FIGURE 24.2 Continuous-state versus discrete-state models.
FIGURE 24.3 Deterministic and probabilistic models.
Notice that continuity of time does not imply continuity of state and vice versa. Thus, examples can be found for all four possible combinations: discrete state/discrete time, discrete state/continuous time, continuous state/discrete time, and continuous state/continuous time models.
- Deterministic and Probabilistic Models: If the output (results) of a model can be predicted with certainty, it is a deterministic model. A probabilistic model, on the other hand, gives a different result on repetitions for the same set of input parameters. This is shown in Figure 24.3. Figure 24.3b shows the results of a probabilistic model; multiple points along a vertical line represent different output possibilities for a given input. In Figure 24.3a, all repetitions with the same input produce the same output, and hence there is only one point along any vertical line.
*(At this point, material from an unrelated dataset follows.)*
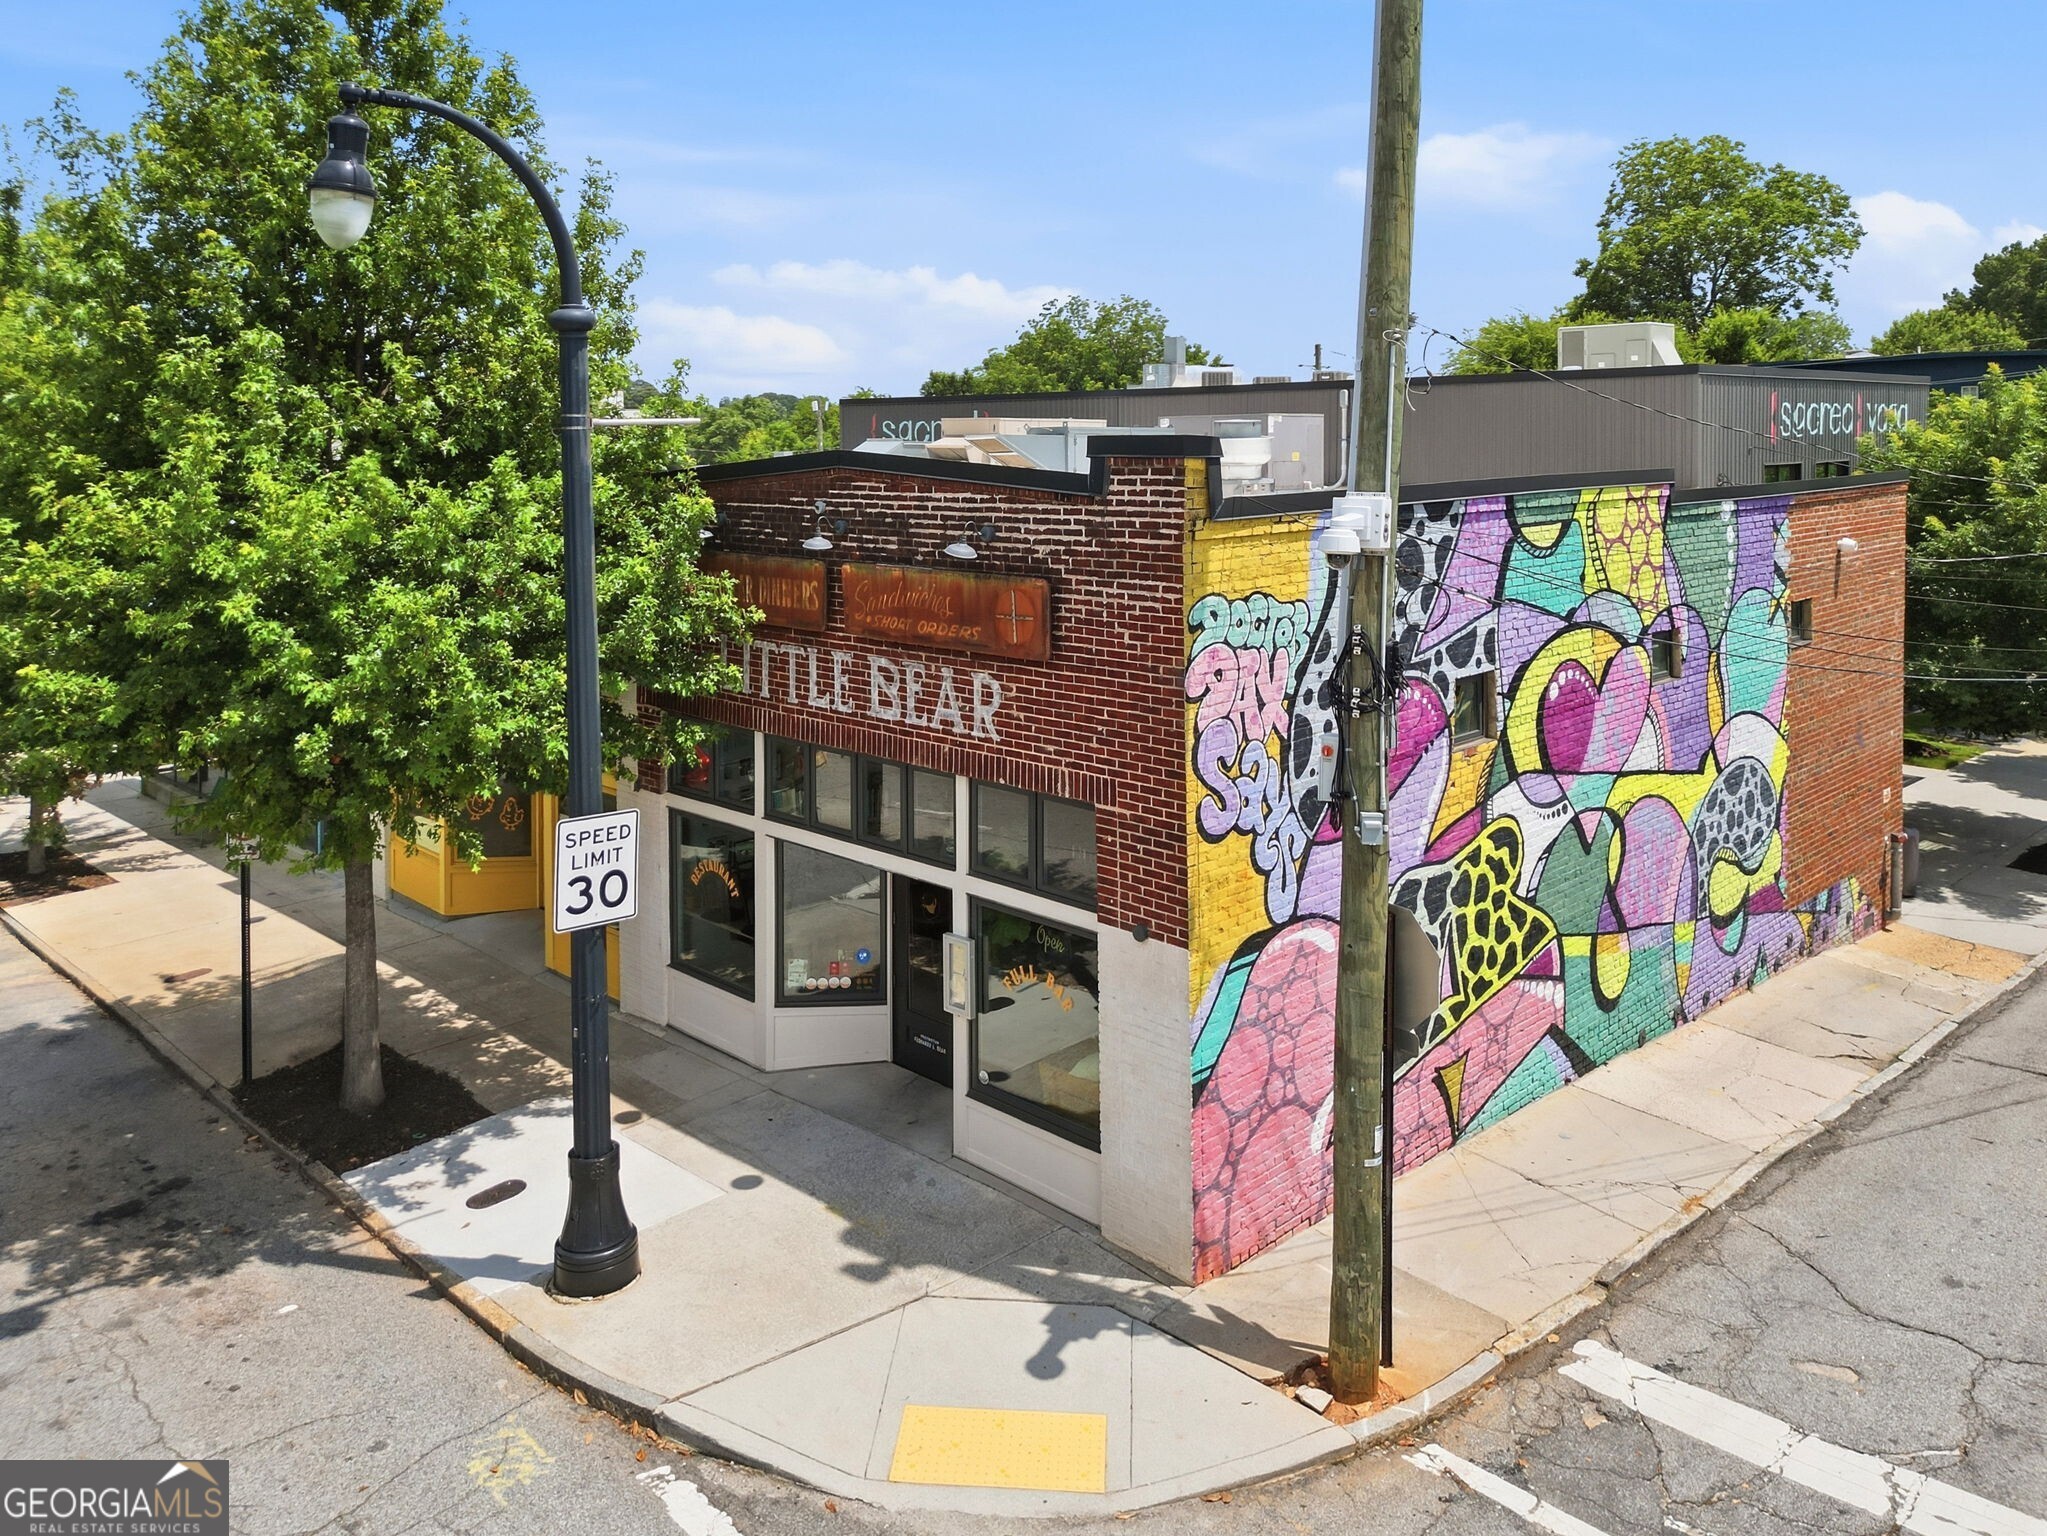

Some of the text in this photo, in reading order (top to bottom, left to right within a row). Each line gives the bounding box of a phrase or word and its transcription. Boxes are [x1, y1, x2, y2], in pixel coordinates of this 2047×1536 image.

- Static and Dynamic Models: A model in which time is not a variable is called static. If the system state changes with time, the model is dynamic. The CPU scheduling model, for example, is a dynamic model. An example of a static model is the following model of matter-to-energy transformation: E = mc2.
- Linear and Nonlinear Models: If the output parameters are a linear function of the input parameter, the model is linear; otherwise it is nonlinear, as shown in Figure 24.4.
- Open and Closed Models: If the input is external to the model and is independent of it, it is called an open model. In a closed model, there is no external input. Figure 24.5 shows two queueing models of a computer system. In Figure 24.5b, the same jobs keep circulating in the model. A job departing the second queue reenters the first queue. This is therefore a closed model. Figure 24.5a shows an open model in which new jobs enter the model.
FIGURE 24.4 Linear and nonlinear models.
FIGURE 24.5 Open and closed models.
FIGURE 24.6 Stable and unstable models.
- Stable and Unstable Models: If the dynamic behavior of the model settles down to a steady state, that is, independent of time, it is called stable. A model whose behavior is continuously changing is called unstable. This is shown in Figure 24.6.
Computer system models are generally continuous time, discrete state, probabilistic, dynamic, and nonlinear. Some are open; others are closed. In addition, stable as well as unstable models of computer systems are used.